In our study, apart from the positive association between advanced maternal age and risk of retinoblastoma, we did not find a relationship between advanced maternal and risk for other solid tumors, like as brain tumors, Wilms tumors, Ewing’s sarcoma, soft tissue sarcoma, hepatoblastoma, Hodgkin lymphoma, and neuroblastoma. This is different to the report of Johnson et al. [11], who found positive linear trends for childhood cancer groups: lymphoma (1.06 per five-year increase [95% CI =1.01–1.12]), central nervous system tumors (1.07 [1.00–1.10]), neuroblastoma (1.09 [1.04 –1.15]), Wilms tumor (1.16 [1.09–1.22]), bone tumors (1.10 [1.00–1.20]), and soft tissue sarcomas (1.10 [1.04–1.17]). In models that adjusted to paternal age and other covariates, maternal age remained associated with childhood cancers overall, central nervous system tumors, neuroblastoma, Wilms tumor, and soft tissue sarcomas. Similar to our work, in other studies, there is no relationship between the parental age and risk of hepatoblastoma [11, 26, 27]. On the other hand, in our study we observed an increased risk of non-Hodgkin lymphoma and advanced paternal age (p = 0.047), unlike that described by Yip [12] et al., who did not find a significant association. In addition, we found a positive linear trend for the risk of gonadal germ tumor, after being adjusted by maternal age (p=0.005).

Interestingly, our study showed that single children had a higher risk of developing childhood cancer than children who had siblings. That is, the greater the order of birth of a child, the lower the risk of cancer (p=0.0015), and we could see a protective effect from the third child (OR adjusted: 0.63, 0.41-0.94), which continued for the fourth (OR: 0.58, 0.28-0.78) and fifth child (OR=0.20, 0.06-0.65). These results were similar to those reported by Von Behren et al. (2011) [21], who found that, for all combined cancers, there was a protective effect from the third child (OR=0.90, 0.85-0.96) and that it continued with the fourth child (OR=0.87, 0.81-0.93). Another study showed a rise in the risk of childhood cancer in the first-born child [19]; however, many other studies present contradictory findings [7, 12, 18, 20]. This information is crucial, since it could generate a main hypothesis in future studies.

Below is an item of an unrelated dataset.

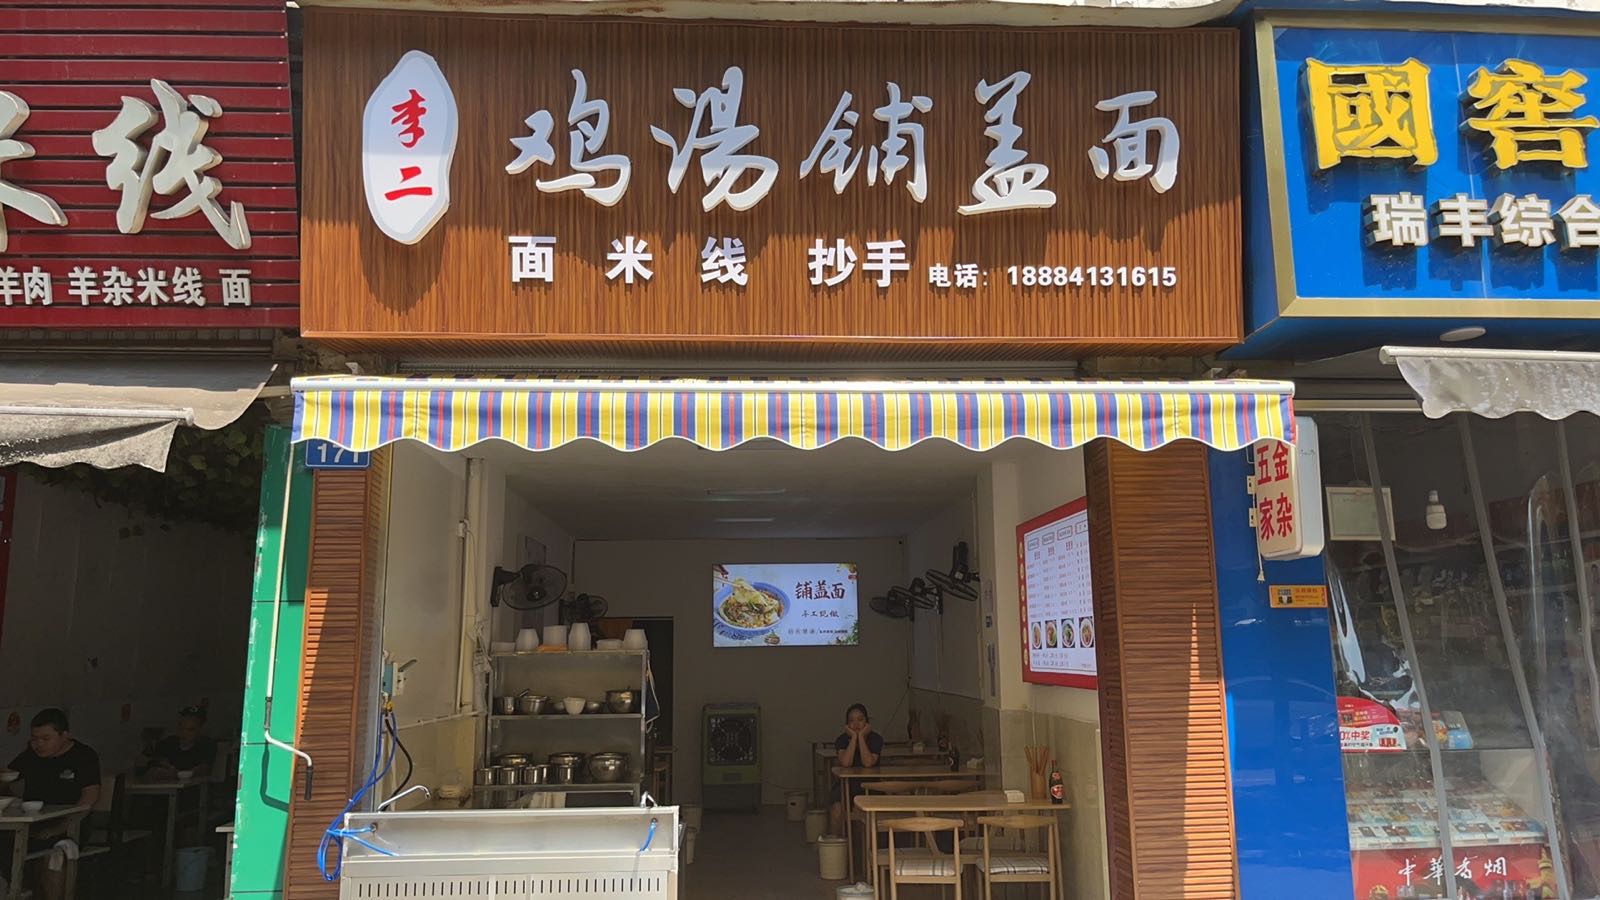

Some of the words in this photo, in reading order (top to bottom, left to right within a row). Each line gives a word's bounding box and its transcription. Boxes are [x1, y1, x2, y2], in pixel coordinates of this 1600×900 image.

Due to its observational nature, this study presents strengths and weaknesses. One of its main strengths is that it is the first study of its kind conducted in our country and region. Its main weakness lies in the number of cases included in the study, because these pathologies represent diseases, which are relatively infrequent. Further limitations also include employing hospital-type controls and missing data in some variables; therefore, the results obtained in this study cannot be generalized to the Peruvian population and are only useful in the hospital setting in which the study was carried out. Nowadays in Peru, it is virtually impossible to apply population studies into children's cancer because Peruvian hospitals do not have registration systems of optimal quality.

5. Conclusions

Our study suggests that advanced parental (maternal and paternal) age, ≥ 35 years old, increases the risk of developing retinoblastoma in children; at advanced paternal age increases the risk of developing non-Hodgkin lymphoma and gonadal germ cell tumors; and finally, this study observed that the higher the order of birth of the children, the less chance of developing any neoplasm. Additional studies with larger population-based samples are needed to confirm our hypothesis.

Disclosure

The results of this study were previously presented like part of the abstract “Advancing Parental Age and Risk of Solid Tumors in Children: Evidence from a Case-Control Study and a Meta-Analysis of Epidemiological Studies,” in the 48th Congress of the International Society of Paediatric Oncology (SIOP) 2016 [28].

Conflicts of Interest

The authors declare that there are no conflicts of interest regarding the publication of this paper.

Acknowledgments

The authors would like to acknowledge the Department of Epidemiology, Health Technology and Research Institute (IETSI–ESSALUD), Lima, Peru, for their technical support in this study.